Work instruction: Could you restate the data word for word?

[Entries provided Boundary: Start]

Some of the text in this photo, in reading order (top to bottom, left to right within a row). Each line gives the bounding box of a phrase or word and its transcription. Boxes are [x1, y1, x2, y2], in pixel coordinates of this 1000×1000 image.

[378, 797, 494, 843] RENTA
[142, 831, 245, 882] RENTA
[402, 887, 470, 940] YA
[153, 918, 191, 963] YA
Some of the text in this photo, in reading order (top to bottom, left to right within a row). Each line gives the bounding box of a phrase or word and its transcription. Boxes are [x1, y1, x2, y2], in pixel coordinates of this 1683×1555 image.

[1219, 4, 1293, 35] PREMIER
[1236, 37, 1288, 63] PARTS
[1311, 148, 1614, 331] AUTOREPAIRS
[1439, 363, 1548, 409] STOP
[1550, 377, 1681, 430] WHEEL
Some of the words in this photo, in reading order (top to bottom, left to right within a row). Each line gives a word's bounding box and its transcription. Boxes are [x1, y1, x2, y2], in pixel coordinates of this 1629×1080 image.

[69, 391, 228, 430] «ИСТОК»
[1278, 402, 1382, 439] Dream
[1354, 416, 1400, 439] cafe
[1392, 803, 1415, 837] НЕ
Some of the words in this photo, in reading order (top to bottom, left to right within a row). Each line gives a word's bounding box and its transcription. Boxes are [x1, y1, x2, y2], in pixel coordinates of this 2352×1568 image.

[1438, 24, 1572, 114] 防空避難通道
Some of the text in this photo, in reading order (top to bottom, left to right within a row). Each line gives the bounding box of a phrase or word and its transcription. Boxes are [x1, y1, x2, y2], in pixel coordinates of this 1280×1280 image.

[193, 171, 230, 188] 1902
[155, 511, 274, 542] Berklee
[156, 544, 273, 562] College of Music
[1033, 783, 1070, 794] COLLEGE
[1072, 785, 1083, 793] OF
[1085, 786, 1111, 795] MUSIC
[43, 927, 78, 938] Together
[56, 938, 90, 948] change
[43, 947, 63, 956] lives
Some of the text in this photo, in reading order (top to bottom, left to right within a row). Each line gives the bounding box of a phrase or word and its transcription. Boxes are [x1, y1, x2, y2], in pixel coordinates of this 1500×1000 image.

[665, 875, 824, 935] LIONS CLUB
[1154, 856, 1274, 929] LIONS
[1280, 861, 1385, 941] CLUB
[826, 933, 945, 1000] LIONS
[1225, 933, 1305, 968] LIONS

[Entries provided Boundary: End]

Answer for the task:
Some of the text in this photo, in reading order (top to bottom, left to right within a row). Each line gives the bounding box of a phrase or word and its transcription. Boxes are [x1, y1, x2, y2], in pixel coordinates of this 1000×1000 image.

[378, 797, 494, 843] RENTA
[142, 831, 245, 882] RENTA
[402, 887, 470, 940] YA
[153, 918, 191, 963] YA
Some of the text in this photo, in reading order (top to bottom, left to right within a row). Each line gives the bounding box of a phrase or word and its transcription. Boxes are [x1, y1, x2, y2], in pixel coordinates of this 1683×1555 image.

[1219, 4, 1293, 35] PREMIER
[1236, 37, 1288, 63] PARTS
[1311, 148, 1614, 331] AUTOREPAIRS
[1439, 363, 1548, 409] STOP
[1550, 377, 1681, 430] WHEEL
Some of the words in this photo, in reading order (top to bottom, left to right within a row). Each line gives a word's bounding box and its transcription. Boxes are [x1, y1, x2, y2], in pixel coordinates of this 1629×1080 image.

[69, 391, 228, 430] «ИСТОК»
[1278, 402, 1382, 439] Dream
[1354, 416, 1400, 439] cafe
[1392, 803, 1415, 837] НЕ
Some of the words in this photo, in reading order (top to bottom, left to right within a row). Each line gives a word's bounding box and its transcription. Boxes are [x1, y1, x2, y2], in pixel coordinates of this 2352×1568 image.

[1438, 24, 1572, 114] 防空避難通道
Some of the text in this photo, in reading order (top to bottom, left to right within a row). Each line gives the bounding box of a phrase or word and its transcription. Boxes are [x1, y1, x2, y2], in pixel coordinates of this 1280×1280 image.

[193, 171, 230, 188] 1902
[155, 511, 274, 542] Berklee
[156, 544, 273, 562] College of Music
[1033, 783, 1070, 794] COLLEGE
[1072, 785, 1083, 793] OF
[1085, 786, 1111, 795] MUSIC
[43, 927, 78, 938] Together
[56, 938, 90, 948] change
[43, 947, 63, 956] lives
Some of the text in this photo, in reading order (top to bottom, left to right within a row). Each line gives the bounding box of a phrase or word and its transcription. Boxes are [x1, y1, x2, y2], in pixel coordinates of this 1500×1000 image.

[665, 875, 824, 935] LIONS CLUB
[1154, 856, 1274, 929] LIONS
[1280, 861, 1385, 941] CLUB
[826, 933, 945, 1000] LIONS
[1225, 933, 1305, 968] LIONS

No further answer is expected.